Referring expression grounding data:
=-=-=-=-=

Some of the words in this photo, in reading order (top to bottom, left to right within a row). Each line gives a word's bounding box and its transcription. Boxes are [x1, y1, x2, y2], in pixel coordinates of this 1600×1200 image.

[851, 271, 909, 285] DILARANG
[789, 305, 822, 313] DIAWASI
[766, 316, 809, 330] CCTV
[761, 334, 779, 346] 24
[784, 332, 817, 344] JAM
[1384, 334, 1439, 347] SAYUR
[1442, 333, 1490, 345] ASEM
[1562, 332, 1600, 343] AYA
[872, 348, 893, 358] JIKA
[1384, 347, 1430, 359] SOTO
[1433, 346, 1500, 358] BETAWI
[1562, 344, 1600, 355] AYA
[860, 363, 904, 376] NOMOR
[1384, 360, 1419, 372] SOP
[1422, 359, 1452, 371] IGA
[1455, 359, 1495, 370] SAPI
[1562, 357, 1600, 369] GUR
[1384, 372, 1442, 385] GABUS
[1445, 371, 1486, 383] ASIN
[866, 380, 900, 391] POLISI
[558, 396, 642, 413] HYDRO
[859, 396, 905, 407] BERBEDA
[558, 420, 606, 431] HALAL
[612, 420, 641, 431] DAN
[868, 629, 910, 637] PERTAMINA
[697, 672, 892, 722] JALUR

=-=-=-=-=

▶ _Problem description_: Write the entries out a second time. Match them exactly.

▶ _Answer space_:
Some of the words in this photo, in reading order (top to bottom, left to right within a row). Each line gives a word's bounding box and its transcription. Boxes are [x1, y1, x2, y2], in pixel coordinates of this 1600×1200 image.

[851, 271, 909, 285] DILARANG
[789, 305, 822, 313] DIAWASI
[766, 316, 809, 330] CCTV
[761, 334, 779, 346] 24
[784, 332, 817, 344] JAM
[1384, 334, 1439, 347] SAYUR
[1442, 333, 1490, 345] ASEM
[1562, 332, 1600, 343] AYA
[872, 348, 893, 358] JIKA
[1384, 347, 1430, 359] SOTO
[1433, 346, 1500, 358] BETAWI
[1562, 344, 1600, 355] AYA
[860, 363, 904, 376] NOMOR
[1384, 360, 1419, 372] SOP
[1422, 359, 1452, 371] IGA
[1455, 359, 1495, 370] SAPI
[1562, 357, 1600, 369] GUR
[1384, 372, 1442, 385] GABUS
[1445, 371, 1486, 383] ASIN
[866, 380, 900, 391] POLISI
[558, 396, 642, 413] HYDRO
[859, 396, 905, 407] BERBEDA
[558, 420, 606, 431] HALAL
[612, 420, 641, 431] DAN
[868, 629, 910, 637] PERTAMINA
[697, 672, 892, 722] JALUR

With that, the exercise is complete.